Exercise description:
An exact, word-for-word copy of the entries is required, beginning at the line that contains "this 1600×1200 image." and ending at the last line, both included.

Phrase grounding data

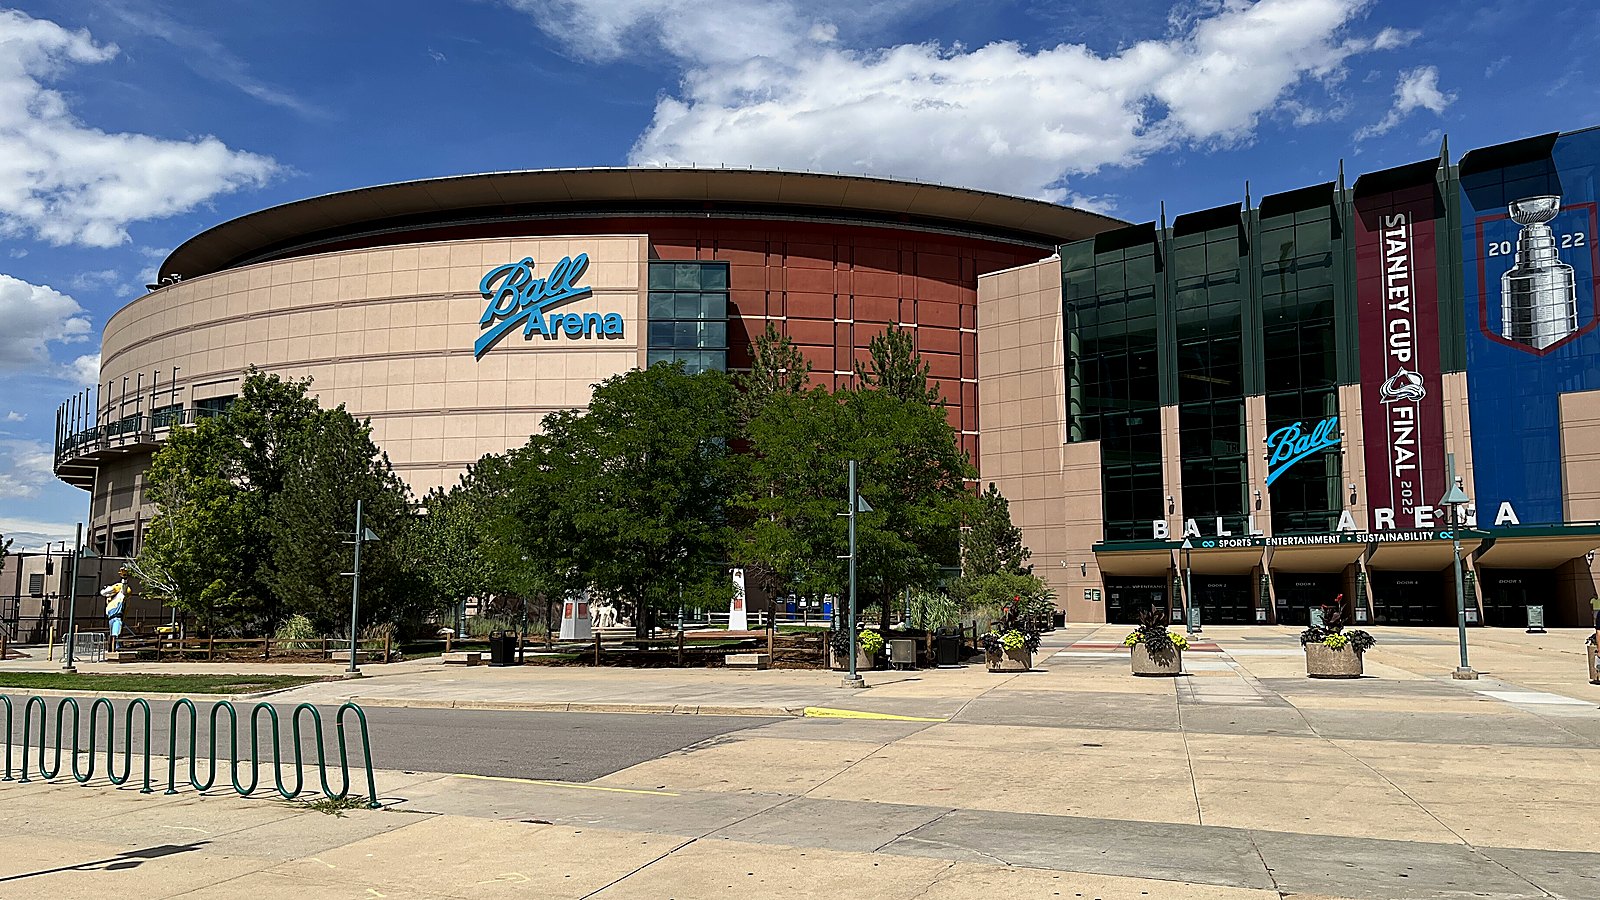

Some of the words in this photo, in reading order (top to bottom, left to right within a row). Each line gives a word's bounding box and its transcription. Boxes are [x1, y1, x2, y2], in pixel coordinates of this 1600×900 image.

[1385, 213, 1410, 313] STANLEY
[1488, 241, 1511, 257] 20
[1561, 232, 1585, 249] 22
[475, 252, 593, 358] Ball
[523, 307, 625, 341] Arena
[1389, 318, 1411, 363] CUP
[1266, 416, 1341, 487] Ball
[1392, 406, 1416, 478] FINAL
[1401, 481, 1414, 515] 2022
[1153, 515, 1264, 540] BALL
[1218, 538, 1252, 548] SPORTS
[1265, 535, 1341, 546] ENTERTAINMENT
[1356, 531, 1434, 543] SUSTAINABILITY
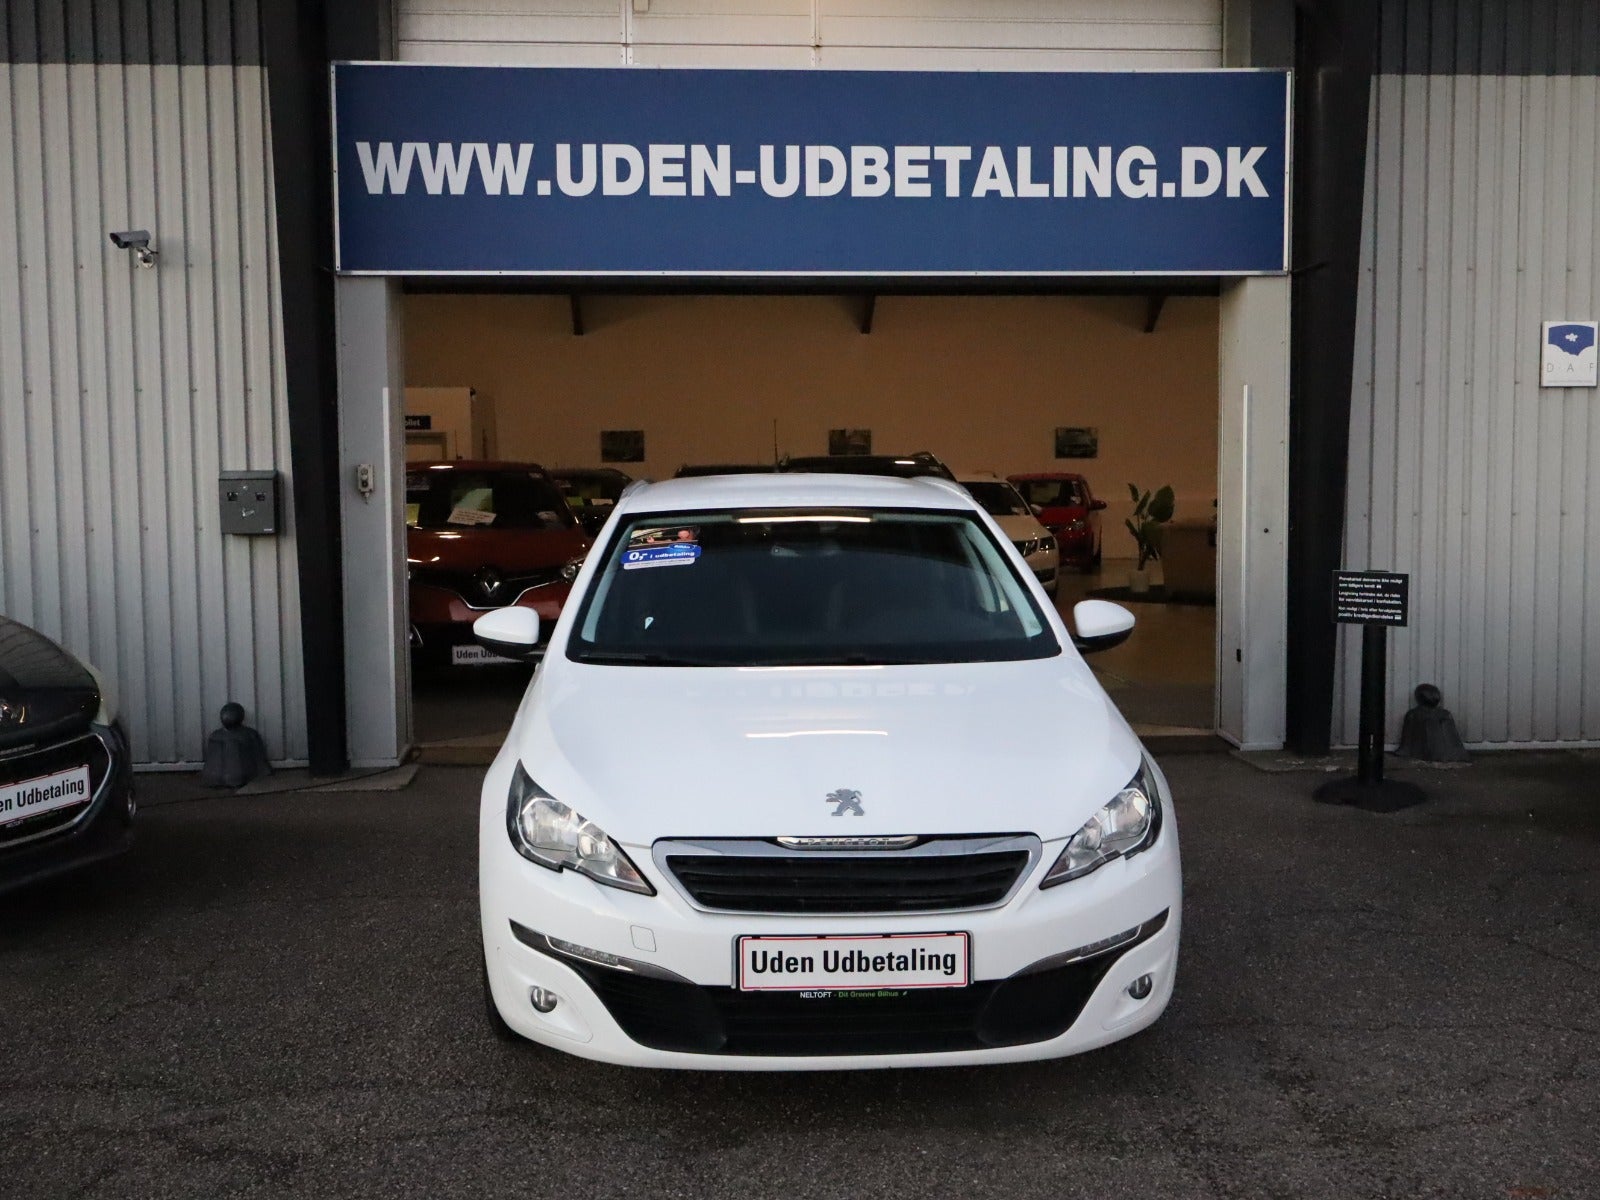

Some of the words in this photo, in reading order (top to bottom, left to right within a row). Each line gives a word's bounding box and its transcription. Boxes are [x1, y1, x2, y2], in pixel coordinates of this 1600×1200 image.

[356, 141, 1270, 198] WWW.UDEN-UDBETALING.DK
[456, 650, 479, 659] Uden
[16, 779, 84, 808] Udbetaling
[808, 838, 890, 846] PEUGEOT
[751, 950, 814, 973] Uden
[823, 948, 956, 976] Udbetaling
[800, 991, 832, 999] NELTOFT

Task solution:
Some of the words in this photo, in reading order (top to bottom, left to right within a row). Each line gives a word's bounding box and its transcription. Boxes are [x1, y1, x2, y2], in pixel coordinates of this 1600×1200 image.

[356, 141, 1270, 198] WWW.UDEN-UDBETALING.DK
[456, 650, 479, 659] Uden
[16, 779, 84, 808] Udbetaling
[808, 838, 890, 846] PEUGEOT
[751, 950, 814, 973] Uden
[823, 948, 956, 976] Udbetaling
[800, 991, 832, 999] NELTOFT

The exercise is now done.